Daniel 8:6,7 Commentary

Alexander clashed with the Persian armies in the bloody battle of Arbela in 331 BC, and completely overwhelmed them. It was a miracle that the tiny Grecian army was able to rout the huge Persian army. It was like a leopard killing an elephant.

Daniel 8:8 Commentary

Hardly had Alexander conquered the world at the age of only 32 than he himself, the great horn, 'was broken'. Conqueror of the world, he could not rule himself. He died as a result of a drunken spree, whispering that he was leaving his newly conquered empire 'to the strongest'. His generals therefore fought among themselves.

Finally exhausted, they agreed to divide the empire into four parts. Lysimachus took the North, or Asia minor; Cassander took the West, or Greece; Seleucus took the East,or Syria; and Ptolemy took the South, or Egypt. These four new kingdoms were the same as the four heads of the leopard in chapter 7, verse 6.

Daniel 8:9 Commentary

The original language gives the idea that it was out of one of the four winds of Heaven that this new power arose. Persia was called 'great'; Grecia was called 'very great'; now this power surpasses them all, because it is called 'exceeding great'. What truly great power arose to world prominence after the Greek empire became weak?

Every student in school knows that Rome followed Grecia. It grew from 'littleness' and swept into power in a marvellous way. From 168 BC Rome was recognised as the new and dominant world kingdom.

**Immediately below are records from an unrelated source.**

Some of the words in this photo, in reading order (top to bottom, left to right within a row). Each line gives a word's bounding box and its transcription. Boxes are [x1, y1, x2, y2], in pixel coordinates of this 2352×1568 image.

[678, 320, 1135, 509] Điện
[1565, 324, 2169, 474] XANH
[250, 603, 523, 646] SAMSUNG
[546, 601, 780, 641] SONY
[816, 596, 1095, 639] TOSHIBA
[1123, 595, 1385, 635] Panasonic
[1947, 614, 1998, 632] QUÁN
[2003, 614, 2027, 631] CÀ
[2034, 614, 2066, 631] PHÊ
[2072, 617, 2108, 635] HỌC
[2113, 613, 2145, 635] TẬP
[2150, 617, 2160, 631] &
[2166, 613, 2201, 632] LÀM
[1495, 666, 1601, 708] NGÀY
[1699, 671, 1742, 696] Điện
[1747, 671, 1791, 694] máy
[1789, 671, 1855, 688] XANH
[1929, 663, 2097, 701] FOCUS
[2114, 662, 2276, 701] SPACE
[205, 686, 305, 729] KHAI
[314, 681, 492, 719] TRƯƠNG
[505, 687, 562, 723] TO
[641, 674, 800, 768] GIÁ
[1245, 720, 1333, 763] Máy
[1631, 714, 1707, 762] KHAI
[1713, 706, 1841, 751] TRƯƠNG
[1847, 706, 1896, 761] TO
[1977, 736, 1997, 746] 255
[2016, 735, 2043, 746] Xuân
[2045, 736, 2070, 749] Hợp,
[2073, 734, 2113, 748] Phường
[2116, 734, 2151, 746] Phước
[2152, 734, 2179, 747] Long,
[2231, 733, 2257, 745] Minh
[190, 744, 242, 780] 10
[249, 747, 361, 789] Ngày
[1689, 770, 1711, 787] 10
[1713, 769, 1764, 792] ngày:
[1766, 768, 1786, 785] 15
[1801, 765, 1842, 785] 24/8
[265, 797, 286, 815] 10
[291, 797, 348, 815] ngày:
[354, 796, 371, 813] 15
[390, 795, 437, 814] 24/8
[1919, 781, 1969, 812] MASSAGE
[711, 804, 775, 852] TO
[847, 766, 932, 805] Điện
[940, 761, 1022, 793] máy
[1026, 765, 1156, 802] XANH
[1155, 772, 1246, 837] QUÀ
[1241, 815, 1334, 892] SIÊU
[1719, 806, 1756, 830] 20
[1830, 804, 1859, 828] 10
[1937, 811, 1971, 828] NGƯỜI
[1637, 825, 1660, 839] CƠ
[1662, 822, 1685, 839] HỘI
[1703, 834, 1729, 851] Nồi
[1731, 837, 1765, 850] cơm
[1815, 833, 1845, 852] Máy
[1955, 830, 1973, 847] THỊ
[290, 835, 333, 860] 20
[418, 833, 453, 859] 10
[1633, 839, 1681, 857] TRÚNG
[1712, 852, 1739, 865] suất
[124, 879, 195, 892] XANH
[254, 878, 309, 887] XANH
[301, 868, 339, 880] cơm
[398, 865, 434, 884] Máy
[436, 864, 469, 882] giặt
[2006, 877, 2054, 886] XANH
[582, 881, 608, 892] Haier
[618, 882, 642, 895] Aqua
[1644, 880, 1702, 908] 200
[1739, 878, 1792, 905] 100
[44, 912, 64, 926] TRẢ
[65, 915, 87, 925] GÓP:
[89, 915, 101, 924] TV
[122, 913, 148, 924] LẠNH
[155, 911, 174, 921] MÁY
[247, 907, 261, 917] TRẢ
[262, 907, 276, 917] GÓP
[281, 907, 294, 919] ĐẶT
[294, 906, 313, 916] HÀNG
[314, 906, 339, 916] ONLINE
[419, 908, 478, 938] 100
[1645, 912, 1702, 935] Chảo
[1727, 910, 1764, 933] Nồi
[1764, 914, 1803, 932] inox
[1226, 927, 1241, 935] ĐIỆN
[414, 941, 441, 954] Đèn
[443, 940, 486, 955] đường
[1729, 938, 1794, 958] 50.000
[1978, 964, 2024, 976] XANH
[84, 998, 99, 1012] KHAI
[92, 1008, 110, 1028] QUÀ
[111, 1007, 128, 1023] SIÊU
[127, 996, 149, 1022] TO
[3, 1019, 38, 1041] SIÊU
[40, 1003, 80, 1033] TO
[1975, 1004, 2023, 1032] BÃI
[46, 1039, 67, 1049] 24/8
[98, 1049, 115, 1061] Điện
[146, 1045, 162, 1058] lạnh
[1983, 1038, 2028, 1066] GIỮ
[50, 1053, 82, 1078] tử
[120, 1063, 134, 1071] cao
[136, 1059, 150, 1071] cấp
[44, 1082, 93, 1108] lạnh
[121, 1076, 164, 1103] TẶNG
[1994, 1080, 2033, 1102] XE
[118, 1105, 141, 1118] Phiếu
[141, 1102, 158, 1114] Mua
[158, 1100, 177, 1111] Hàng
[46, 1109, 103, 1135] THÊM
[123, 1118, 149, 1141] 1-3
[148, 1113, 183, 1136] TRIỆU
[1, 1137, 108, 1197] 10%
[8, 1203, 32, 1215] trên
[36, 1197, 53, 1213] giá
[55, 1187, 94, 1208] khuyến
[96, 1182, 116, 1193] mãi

No single king of Macedonia could be called this 'little horn', because not one of them was 'exceeding great'. The strongest of them, Antiochus Epiphanes, was forced to leave Egypt at the command of the Romans. Does not the stronger drive out the weaker? Antiochus could not possibly be the 'exeeding great' power if Rome told him what to do! The details of this prophecy are as clear as a sharp photograph. But the enemy of souls would like to confuse minds with the idea that this great prophecy which concerns our salvation in these last days was fulfilled thousands of years ago by an insignificant king. The idea that Antiochus was this 'exceeding great' power brings such confusion. The purpose seems to be to turn men's minds away from the truth that the second coming of Jesus is near at hand.

'Toward the glorious land' refers to Palestine, which the Jews spoke of as their 'glory land' or 'land of beauty'.  Rome became connected with the Jews at the time of the Jewish League in 161 BC.

Daniel 8:10-12 Commentary

Daniel probably saw the 'vision' somewhat as we see the action on our TV screens. This new power, the 'little horn', swelled up and grew swiftly and marvellously, higher and higher, until it presumed to 'cause to fall' some of the 'stars' that is, the leaders of God's people. He 'magnified himself', or exalted himself, even against Christ, who is the Prince of host or the 'Prince of princes' as the angel spoke of Him in verse 25. In Revelation, Jesus is called 'KINGS OF KINGS, and LORD OF LORDS' (Revelation 19:16). Thus pagan Rome not only conquered the Jews and their rulers, but actually put to death their true and rightful King, the Lord Jesus Christ.

As to the meaning of the expression 'daily sacrifice', the King James Version prints the word 'sacrifice' in italics to show that it was supplied by the translators, and does not belong in the original text; nor does the expression 'burnt offering'. Daniel wrote that the 'daily' or 'continual' was taken away, 'lifted up' or 'picked up'. We should read the text as Daniel wrote it, simply: 'The continual was taken away...And an host was given him against the continual by reason of [or in] transgression.'

Now let us see what happened as Rome developed. Beginning as a purely pagan power, Rome eventually changed to a professedly Christian power - ultimately dominated by the papacy. In Daniel 7, the prophet was shown the papacy as a 'little horn' growing out of the body of the fourth beast, or kingdom, which was the Roman Empire. In chapter 8, the 'little horn' is the same power - Rome in its two phases, pagan and papal, the only world empire that changed its religion midway through its history. It is the same Rome in both forms, the same bloody persecuting power that warred incessantly against God and His truth.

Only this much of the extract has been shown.